From the first line to the last, reproduce the records below exactly, omitting any picture.

Saved entries:
──────────────────────────────
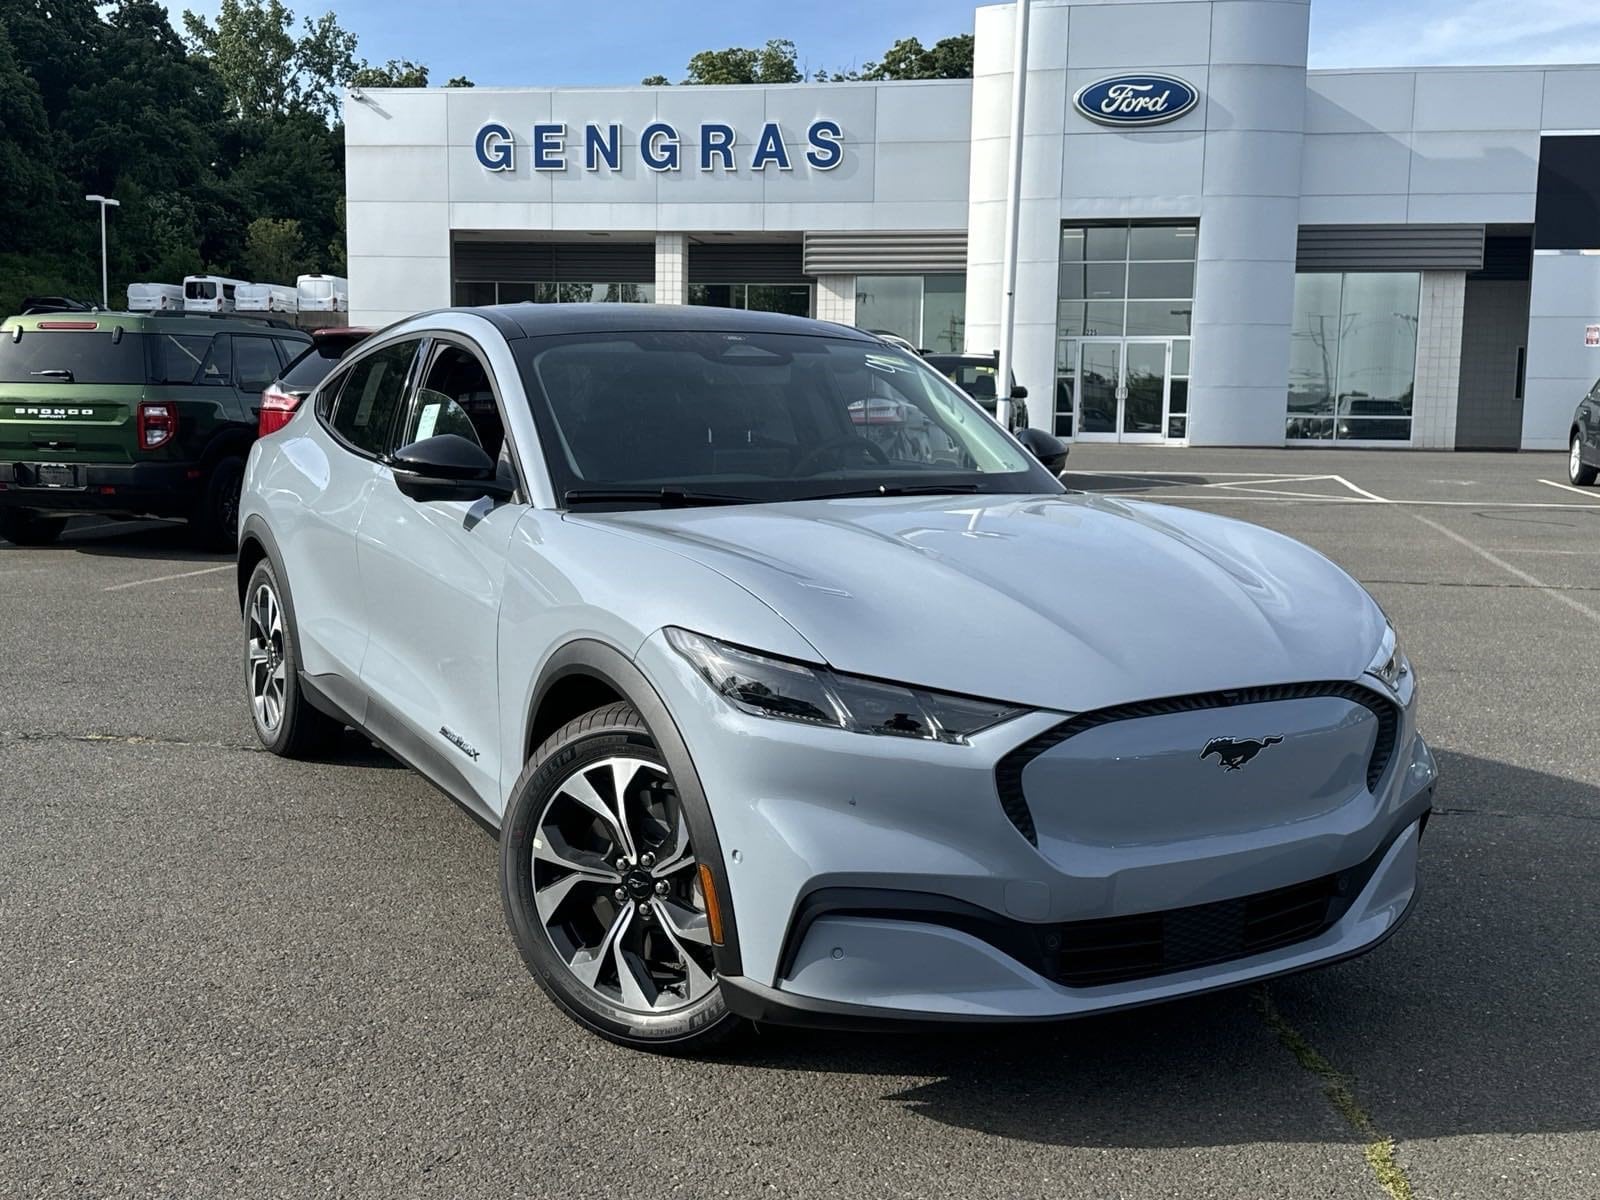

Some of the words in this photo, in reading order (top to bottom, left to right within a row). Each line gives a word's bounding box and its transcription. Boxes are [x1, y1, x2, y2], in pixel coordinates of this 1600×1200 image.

[1101, 84, 1170, 113] Ford
[475, 120, 843, 171] GENGRAS
[15, 407, 93, 415] BRONCO
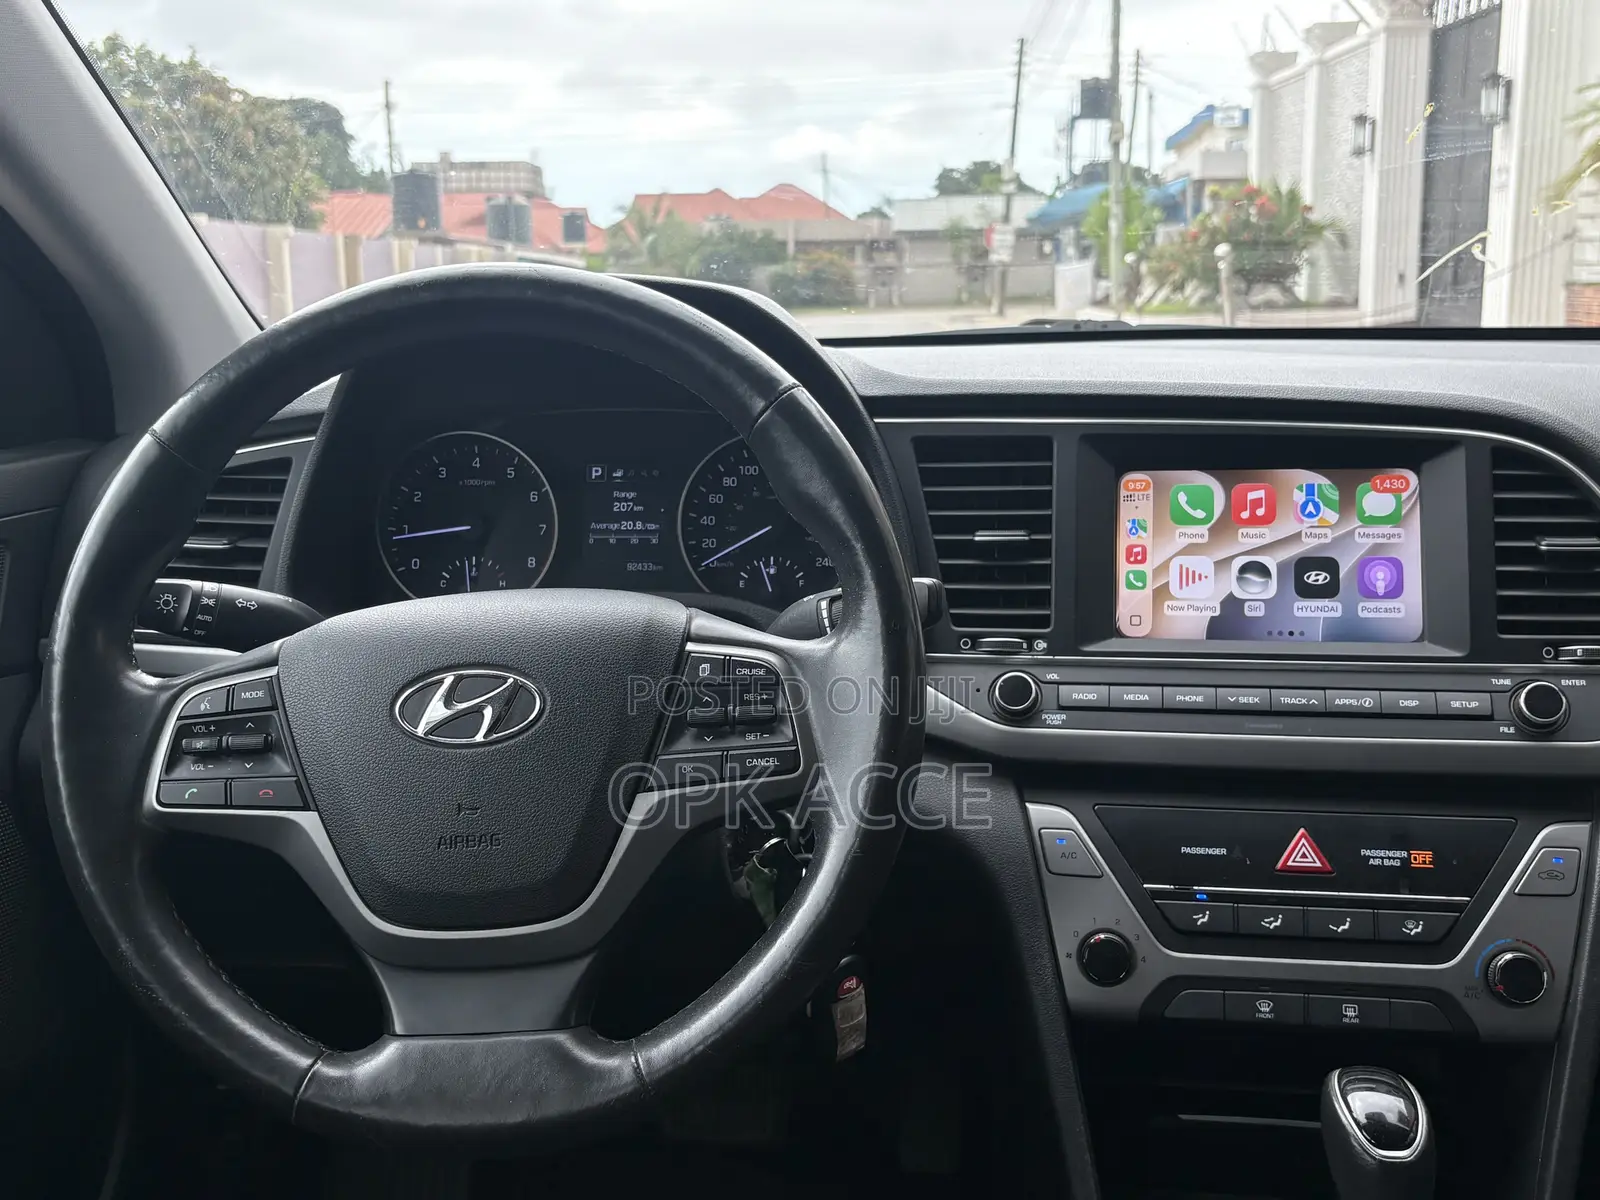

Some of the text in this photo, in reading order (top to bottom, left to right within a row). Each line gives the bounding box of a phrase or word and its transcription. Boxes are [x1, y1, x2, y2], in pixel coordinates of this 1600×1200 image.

[472, 457, 481, 468] 4
[438, 468, 447, 478] 3
[506, 468, 515, 478] 5
[591, 466, 602, 479] P
[739, 465, 759, 475] 100
[723, 477, 737, 487] 80
[1128, 482, 1147, 490] 9:57
[1374, 479, 1406, 490] 1,430
[414, 491, 422, 502] 2
[530, 491, 538, 502] 6
[613, 491, 637, 500] Range
[708, 494, 724, 504] 60
[1137, 493, 1151, 501] LTE
[700, 516, 715, 526] 40
[539, 525, 547, 535] 7
[1178, 531, 1205, 540] Phone
[1241, 531, 1266, 540] Music
[1304, 531, 1329, 541] Maps
[1358, 531, 1402, 541] Messages
[702, 538, 716, 548] 20
[411, 559, 420, 569] 0
[528, 557, 536, 568] 8
[440, 580, 447, 588] C
[500, 580, 506, 588] H
[739, 580, 745, 588] E
[799, 580, 804, 588] F
[1167, 604, 1217, 615] Now Playing
[1247, 604, 1262, 612] Siri
[1297, 605, 1338, 613] HYUNDAI
[1361, 605, 1402, 614] Podcasts
[736, 668, 766, 676] CRUISE
[1491, 678, 1511, 686] TUNE
[241, 690, 265, 699] MODE
[1072, 692, 1097, 700] RADIO
[1123, 693, 1149, 701] MEDIA
[1176, 694, 1204, 702] PHONE
[1280, 697, 1308, 705] TRACK
[1399, 699, 1419, 707] DISP
[1450, 700, 1479, 708] SETUP
[1042, 713, 1066, 721] POWER
[746, 757, 780, 767] CANCEL
[682, 765, 694, 774] OK
[437, 834, 501, 850] AIRBAG
[1060, 851, 1077, 859] A/C
[1181, 846, 1227, 856] PASSENGER
[1361, 849, 1408, 858] PASSENGER
[1368, 858, 1401, 866] AIR BAG
[1410, 854, 1433, 864] OFF
[1115, 918, 1121, 926] 2
[1073, 930, 1079, 938] 0
[1134, 933, 1140, 941] 3
[1140, 955, 1147, 964] 4
──────────────────────────────
▶ [ANSWER BOX]:
Some of the words in this photo, in reading order (top to bottom, left to right within a row). Each line gives a word's bounding box and its transcription. Boxes are [x1, y1, x2, y2], in pixel coordinates of this 1600×1200 image.

[1101, 84, 1170, 113] Ford
[475, 120, 843, 171] GENGRAS
[15, 407, 93, 415] BRONCO

Some of the text in this photo, in reading order (top to bottom, left to right within a row). Each line gives the bounding box of a phrase or word and its transcription. Boxes are [x1, y1, x2, y2], in pixel coordinates of this 1600×1200 image.

[472, 457, 481, 468] 4
[438, 468, 447, 478] 3
[506, 468, 515, 478] 5
[591, 466, 602, 479] P
[739, 465, 759, 475] 100
[723, 477, 737, 487] 80
[1128, 482, 1147, 490] 9:57
[1374, 479, 1406, 490] 1,430
[414, 491, 422, 502] 2
[530, 491, 538, 502] 6
[613, 491, 637, 500] Range
[708, 494, 724, 504] 60
[1137, 493, 1151, 501] LTE
[700, 516, 715, 526] 40
[539, 525, 547, 535] 7
[1178, 531, 1205, 540] Phone
[1241, 531, 1266, 540] Music
[1304, 531, 1329, 541] Maps
[1358, 531, 1402, 541] Messages
[702, 538, 716, 548] 20
[411, 559, 420, 569] 0
[528, 557, 536, 568] 8
[440, 580, 447, 588] C
[500, 580, 506, 588] H
[739, 580, 745, 588] E
[799, 580, 804, 588] F
[1167, 604, 1217, 615] Now Playing
[1247, 604, 1262, 612] Siri
[1297, 605, 1338, 613] HYUNDAI
[1361, 605, 1402, 614] Podcasts
[736, 668, 766, 676] CRUISE
[1491, 678, 1511, 686] TUNE
[241, 690, 265, 699] MODE
[1072, 692, 1097, 700] RADIO
[1123, 693, 1149, 701] MEDIA
[1176, 694, 1204, 702] PHONE
[1280, 697, 1308, 705] TRACK
[1399, 699, 1419, 707] DISP
[1450, 700, 1479, 708] SETUP
[1042, 713, 1066, 721] POWER
[746, 757, 780, 767] CANCEL
[682, 765, 694, 774] OK
[437, 834, 501, 850] AIRBAG
[1060, 851, 1077, 859] A/C
[1181, 846, 1227, 856] PASSENGER
[1361, 849, 1408, 858] PASSENGER
[1368, 858, 1401, 866] AIR BAG
[1410, 854, 1433, 864] OFF
[1115, 918, 1121, 926] 2
[1073, 930, 1079, 938] 0
[1134, 933, 1140, 941] 3
[1140, 955, 1147, 964] 4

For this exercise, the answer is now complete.